Historically both Germany and Japan post WW2 were, and still are, cited as successes on the potential impact of military intervention on promoting democracy and subsequent economic benefits, freedoms and stability. In the more modern era this has led to intervention and occupation in both Iraq and Afghanistan, and more recently in the Middle East and North Africa. The success rate of military interventions imposing democracy is not one which suggests or corresponds with the rate of usage for interventions. Within this context military intervention and the pursuit of democracy as an output of military intervention has taken on added relevance. This essay will suggest that military intervention can lead to stable democracies, albeit rarely and under specific circumstances. It will use both quantitative and qualitative studies on historical interventions and modern conflicts within Iraq and Afghanistan to help illustrate some of the issues involved and how rarely all of the circumstances align in order for successful democratisation to occur.

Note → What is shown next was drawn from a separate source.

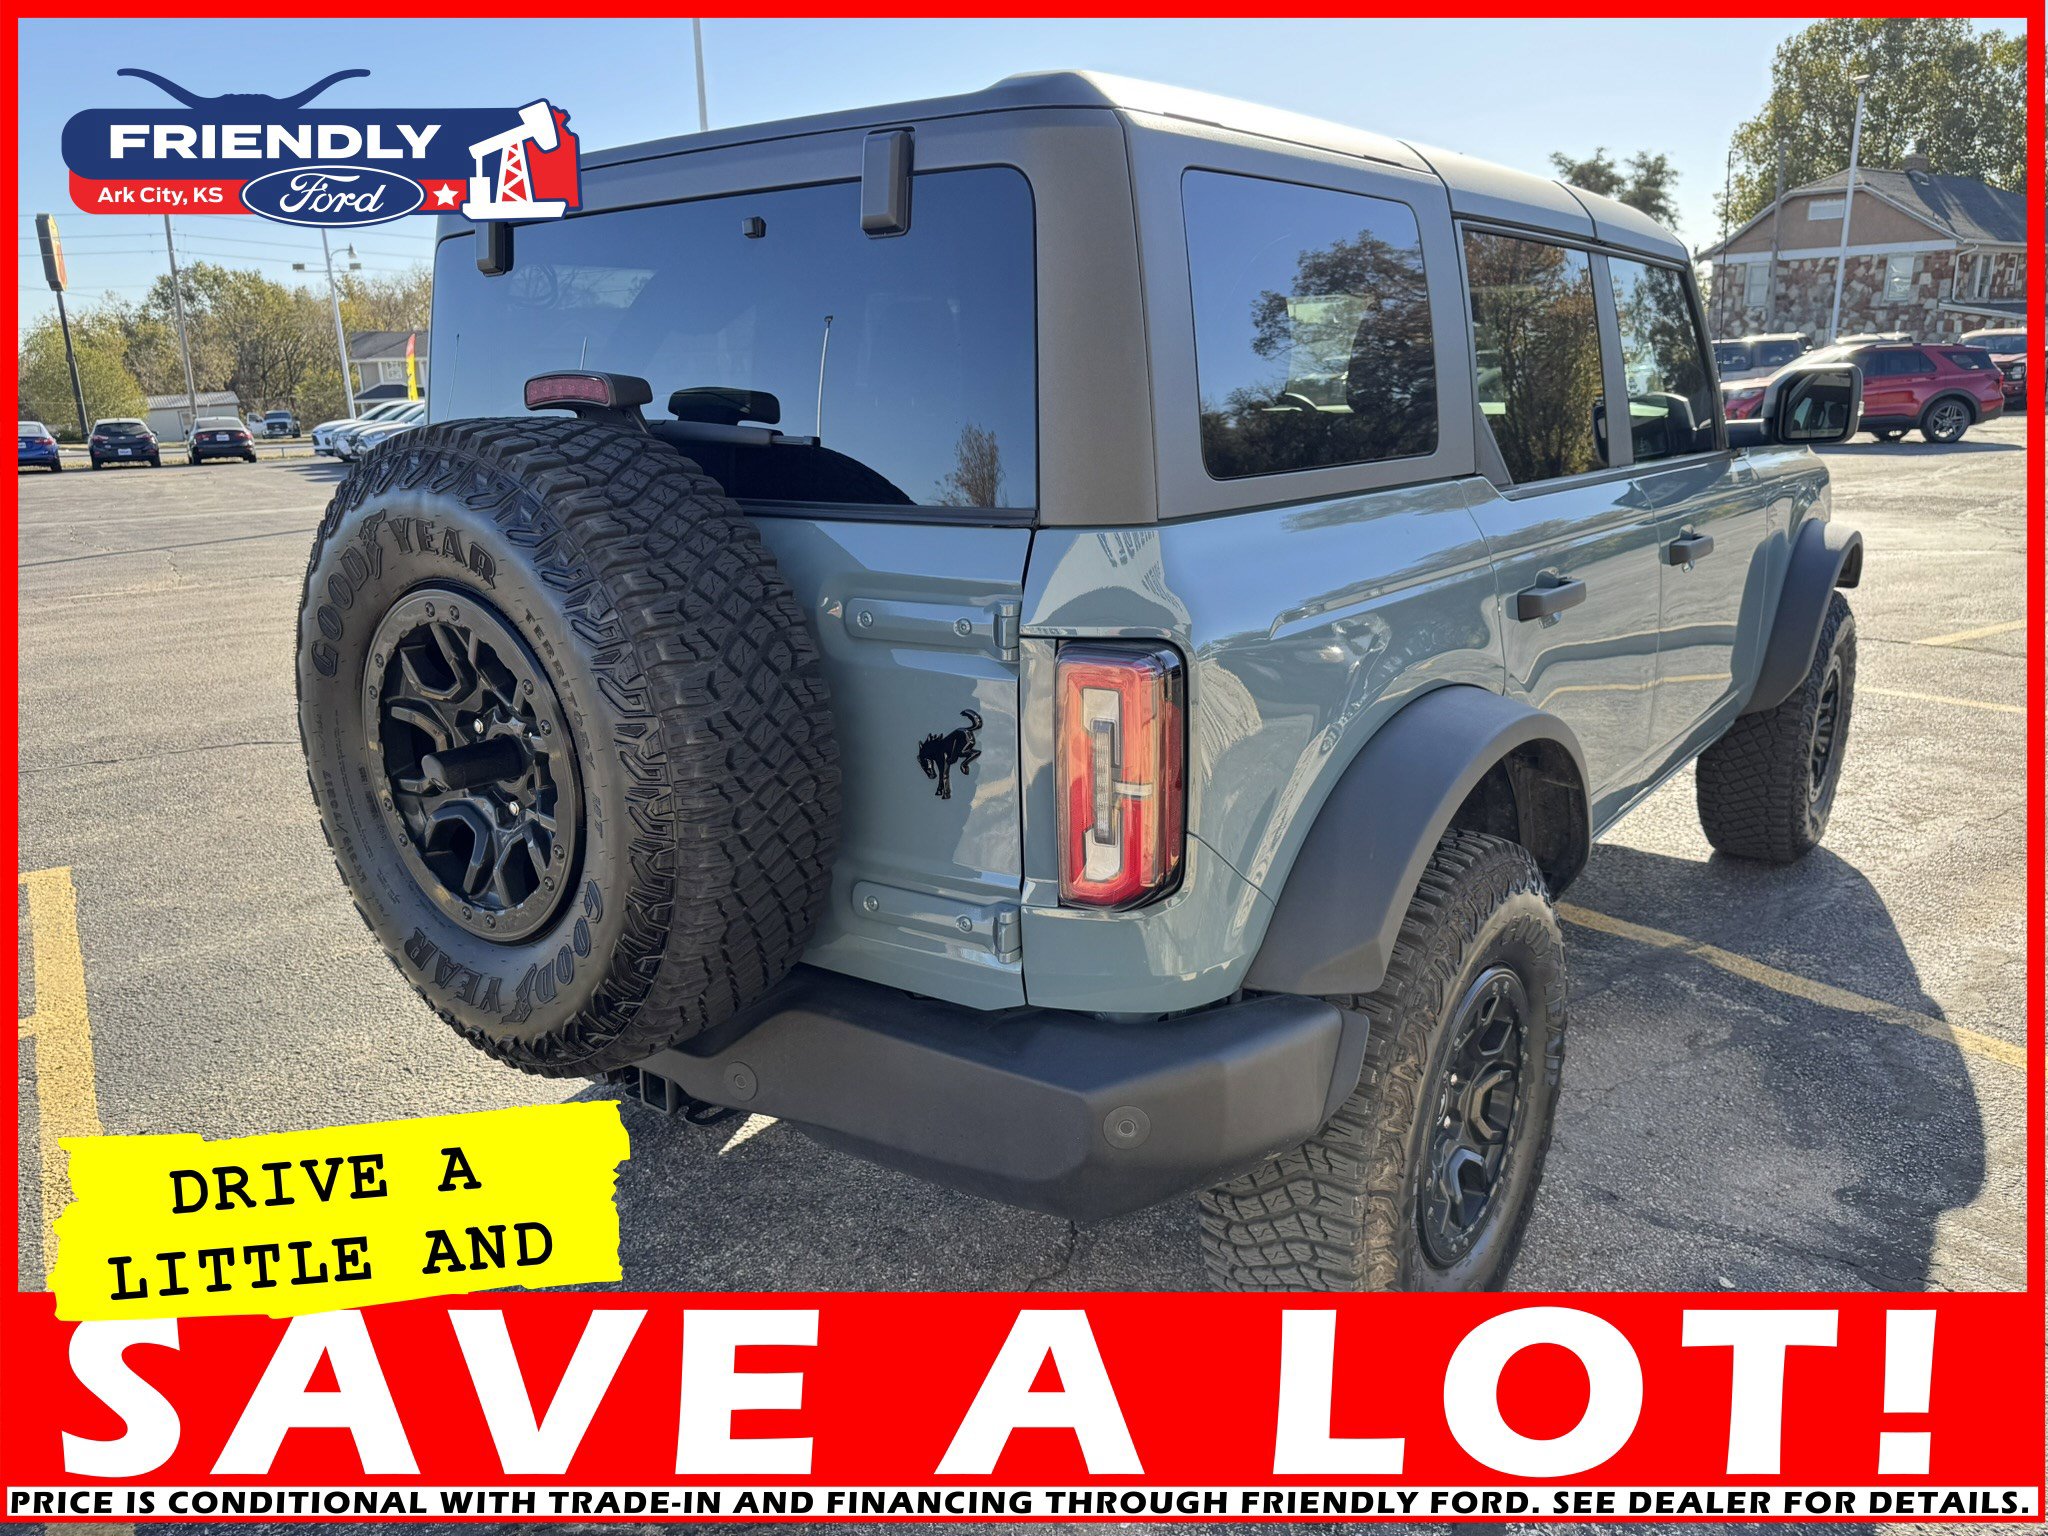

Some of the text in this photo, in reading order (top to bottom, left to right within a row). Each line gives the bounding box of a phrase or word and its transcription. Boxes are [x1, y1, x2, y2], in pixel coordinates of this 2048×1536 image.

[311, 508, 496, 678] GOODYEAR
[525, 608, 596, 770] TERRITORY
[403, 879, 603, 1025] GOODYEAR

The effectiveness of military intervention in creating lasting democracy is not one littered with success. Pickering and Peceny (2006) provide a cautionary outlook by highlighting that in the 50 years from 1946-1996, 84% of states going through democratisation were not via military intervention. Enterline and Greig (2008), based on data from 1800 to 1994, argue that 30% of attempts made by Western states failed within ten years. The likelihood that a democracy will flourish tends to increase after this ten year mark as only a further 30% of imposed democracies will fail in the subsequent 40 years. A young democracy is more likely to survive if it can overcome the ten year mark, but it is clear in summarising that 60% and the majority of attempted democracies have failed (Enterline and Greig (2008)).

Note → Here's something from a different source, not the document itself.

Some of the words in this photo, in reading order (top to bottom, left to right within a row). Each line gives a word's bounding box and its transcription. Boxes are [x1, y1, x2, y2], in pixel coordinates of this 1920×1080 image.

The success or failure of democracy implementation is often seen as being dependent on internal factors and conditions of a state. These factors or conditions include the homogeneity and potential fractionalisation of its population, its historical relationship with democracy, economic strength/equity as well as factors regarding its geography (Enterline and Greig (2008)). Being in a geographical neighbourhood where democracy is prevalent or not also affects the potential for a state to successfully adopt democracy. Of course, the impact of external factors also play a part in motivating the intervening leadership, ideology or through the intervening nation(s)’ continuing resolve to maintain an influence and presence over an extended period of time, whether that is militaristically, economically or through other forms of aid (Enterline and Greig (2008), Gleditsch et al (2007) and Pickering and Peceny (2006)).

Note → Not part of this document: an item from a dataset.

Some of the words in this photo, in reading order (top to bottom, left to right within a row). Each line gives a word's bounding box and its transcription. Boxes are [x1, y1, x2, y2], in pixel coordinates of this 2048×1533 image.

At a deeper level we can see that cultural homogeneity is a critical factor in supporting a stable democracy post-intervention. Enterline and Greig (2008) argue that 90% of states with a high cultural homogeneity and 84% with a high religious homogeneity survive the ten year watershed. Only 50% with high ethnic fractionalisation and 60% with high religious fractionalisation survive the same ten year period. This would suggest that cultural and religious homogeneity are important factors when indicating the potential success of a post-intervention democracy. In the case of Afghanistan there is a low level of religious fractionalisation, although the country does have a high degree of ethnic fractionalisation. Iraq, on the other hand, has both ethnic and religious fractionalisation.
However, this does not in itself mean the end of the road as far as the development of democracy and stability goes. Enterline and Greig (2008) go on to argue that fractionalisation can be moderated through prosperity and economic development by increasing the capacity of governments to foster a compromise and create both resources and incentives for groups to confine their disputes with one another to within the political system. Meanwhile Pickering and Peceny (2006) reason that a more equitable society, in relation to wealth distribution, would be more likely to survive as a stable democracy even where you find a high degree of religious/ethnic fractionalisation. Afghanistan scores poorly in both cases and Iraq does only slightly better on the economic front. Another culturally internal condition to developing democratic stability is the impact of illiberal cultural values (Pickering and Peceny (2006)). In the case of Iraq, Afghanistan and Libya this could manifest itself in cultural traditions that inhibit the transition to democracy. All three nations share the Muslim/Islamic culture, which, as Huntington (1993) argues, is not conducive to democracy due to the authoritarian character of Islamic and especially Arab culture.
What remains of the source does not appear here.